Cancer Program, Broad Institute of MIT and Harvard, Cambridge, MA, USA.
Harvard-MIT Division of Health Sciences and Technology, Harvard Medical School, Boston, MA, USA.
Bioinformatics. 2022 Oct 14;38(20):4677-4686. doi: 10.1093/bioinformatics/btac586.

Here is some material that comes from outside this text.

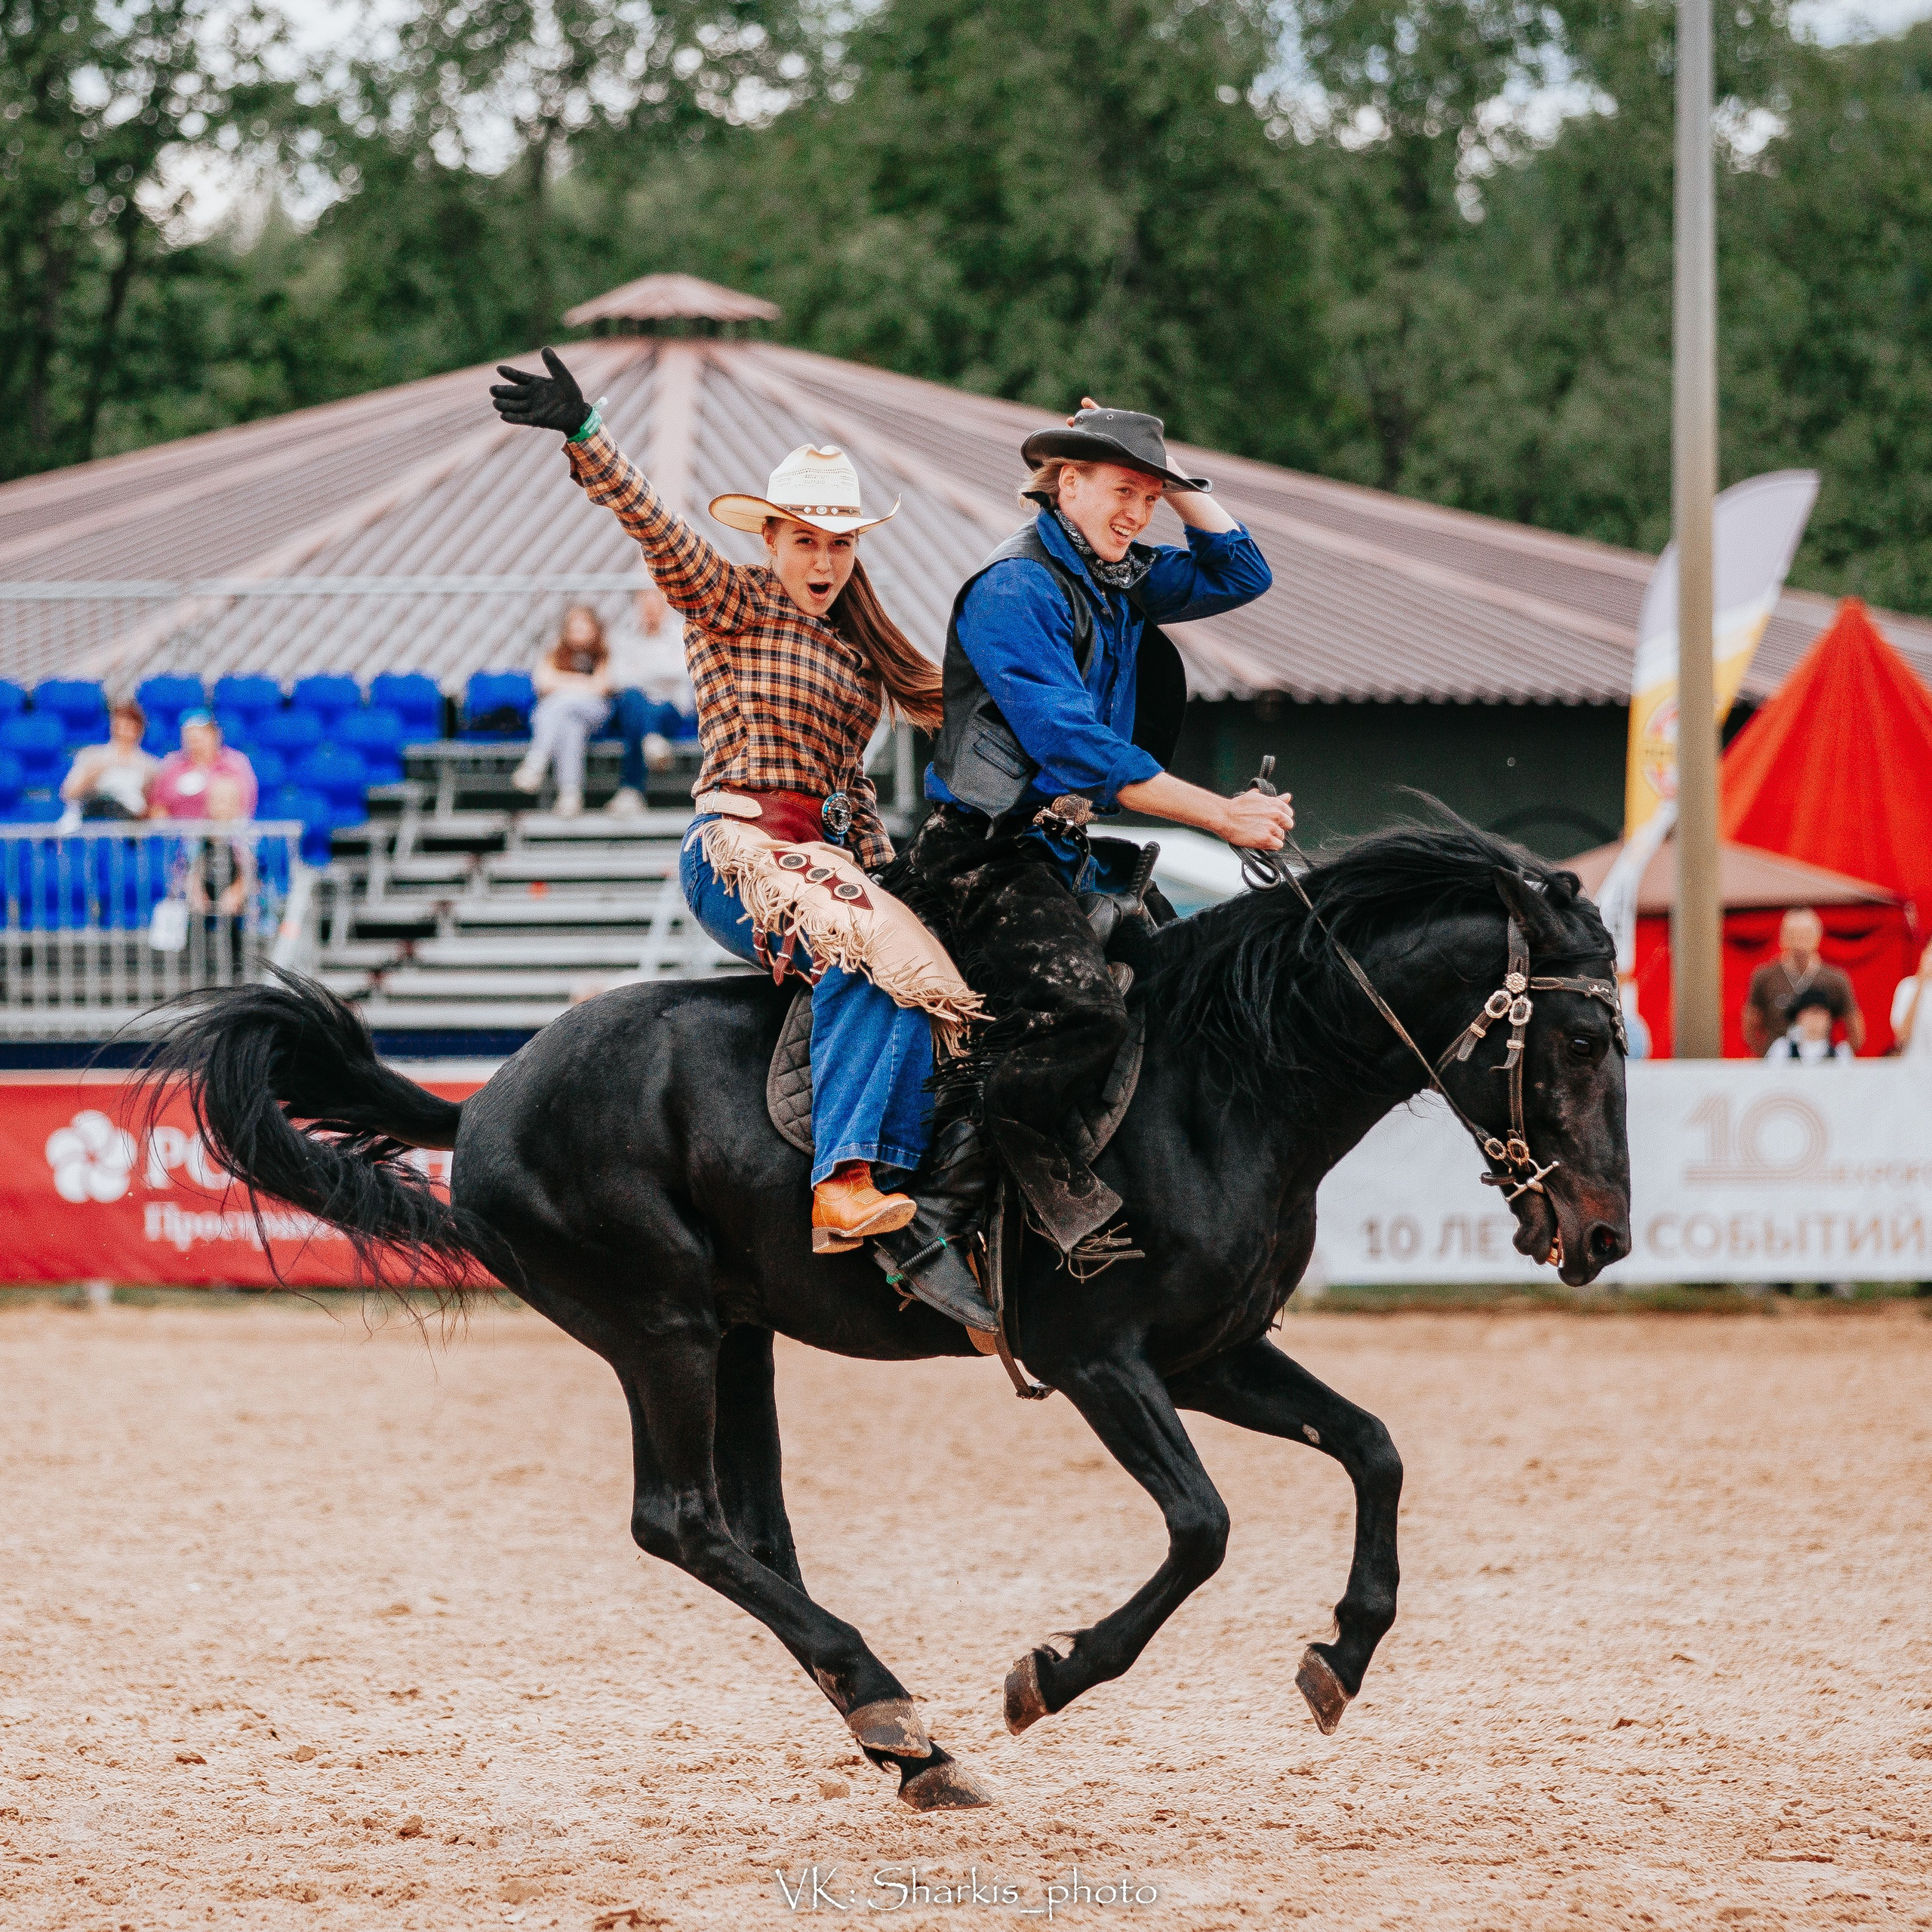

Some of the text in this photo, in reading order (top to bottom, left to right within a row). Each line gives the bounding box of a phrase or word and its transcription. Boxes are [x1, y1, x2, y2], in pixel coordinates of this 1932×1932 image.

[1683, 1089, 1832, 1185] 10
[1361, 1201, 1926, 1262] 10 ЛЕ СОБЫТИЙ
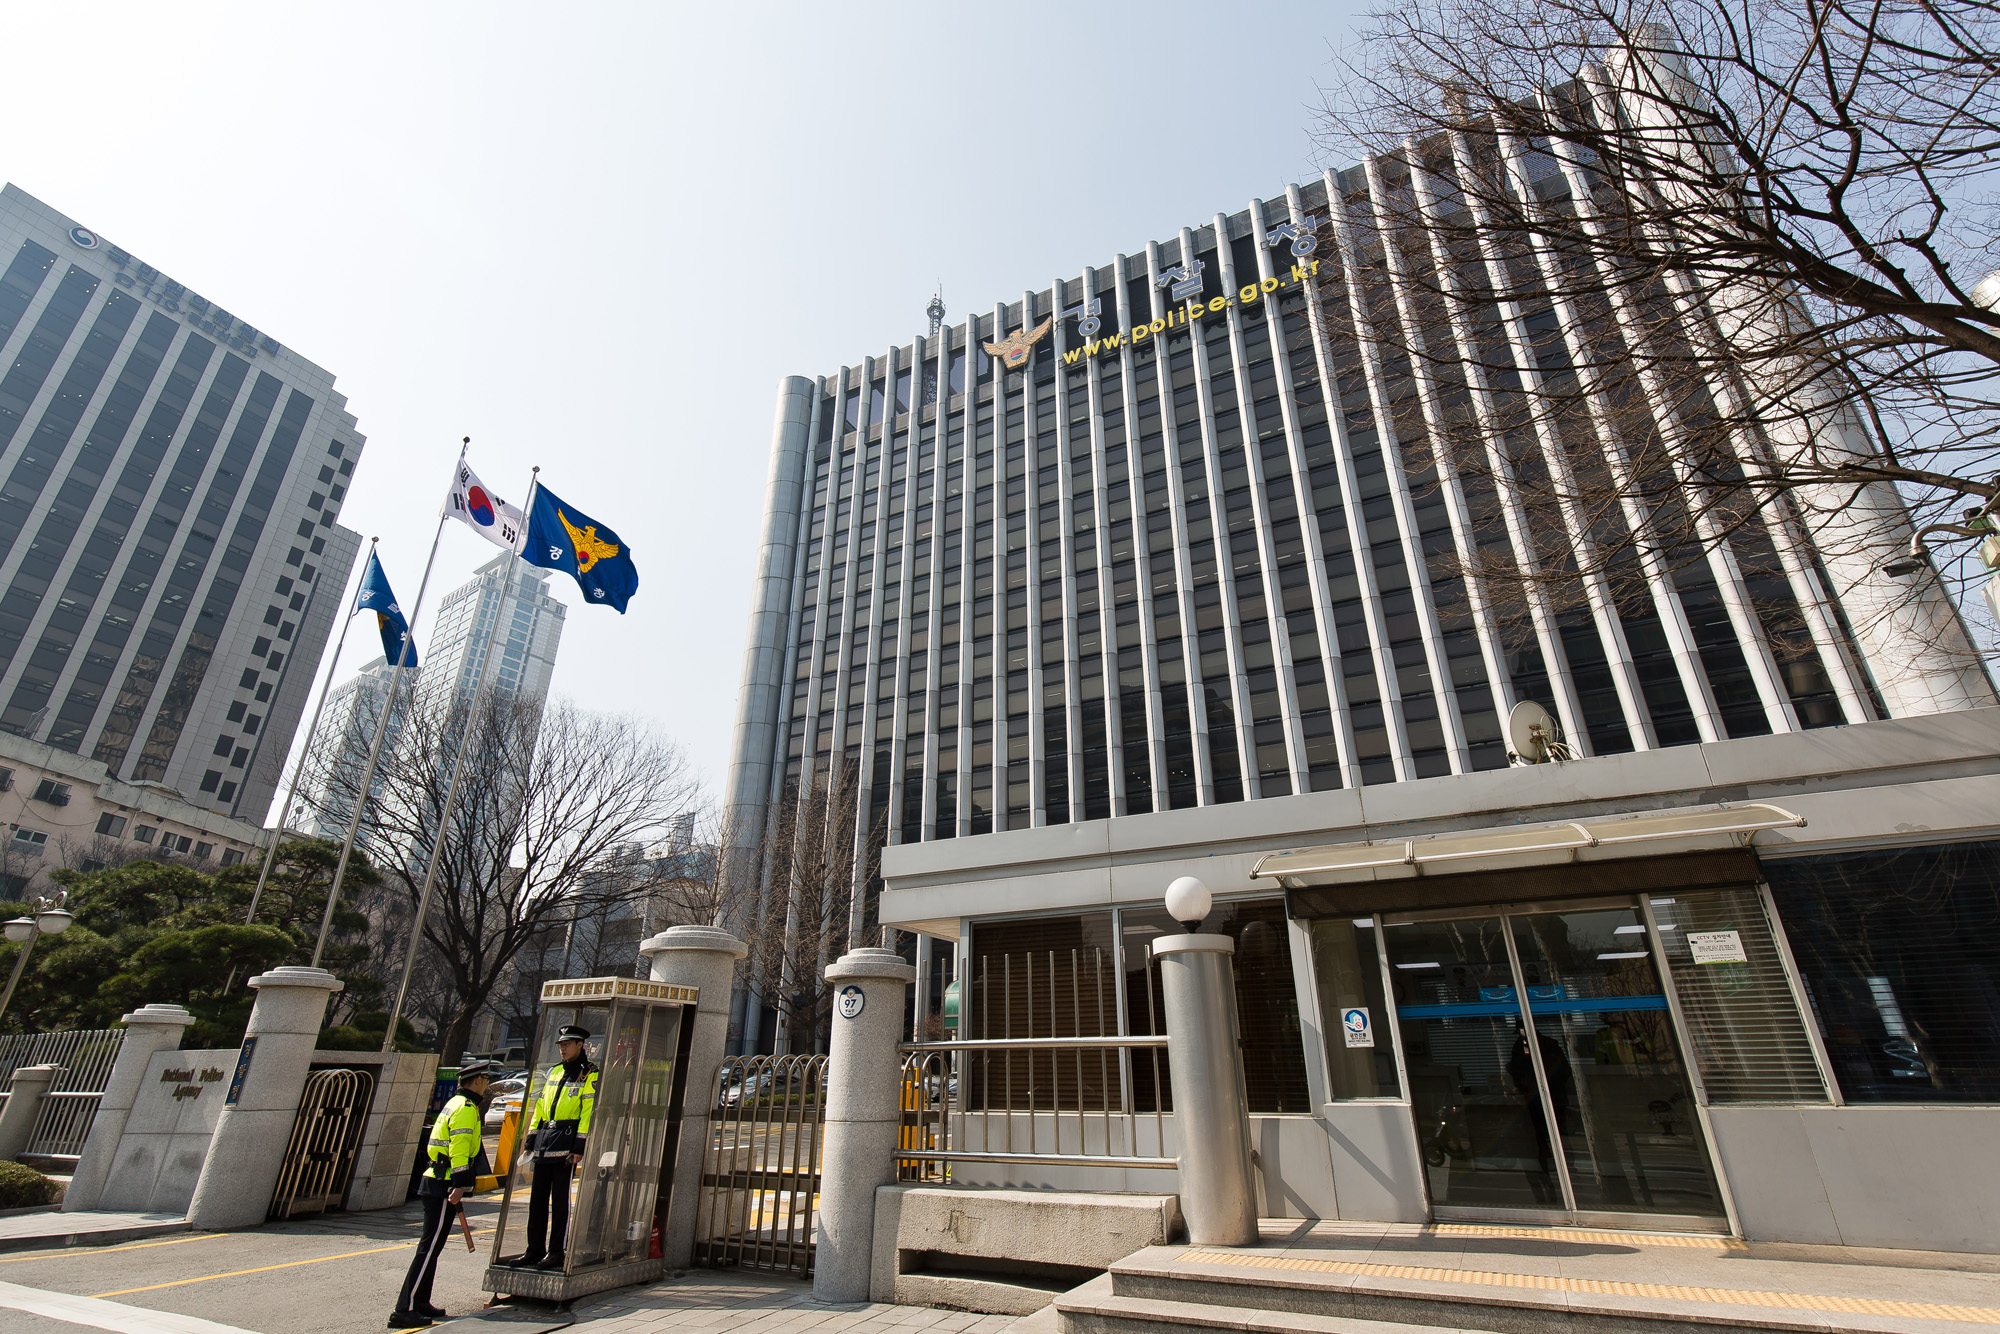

Somatic copy-number alterations (SCNAs) play an important role in cancer development. Systematic noise in sequencing and array data present a significant challenge to the inference of SCNAs for cancer genome analyses. As part of The Cancer Genome Atlas, the Broad Institute Genome Characterization Center developed the Tangent normalization method to generate copy-number profiles using data from single-nucleotide polymorphism (SNP) arrays and whole-exome sequencing (WES) technologies for over 10 000 pairs of tumors and matched normal samples. Here, we describe the Tangent method, which uses a unique linear combination of normal samples as a reference for each tumor sample, to subtract systematic errors that vary across samples. We also describe a modification of Tangent, called Pseudo-Tangent, which enables denoising through comparisons between tumor profiles when few normal samples are available.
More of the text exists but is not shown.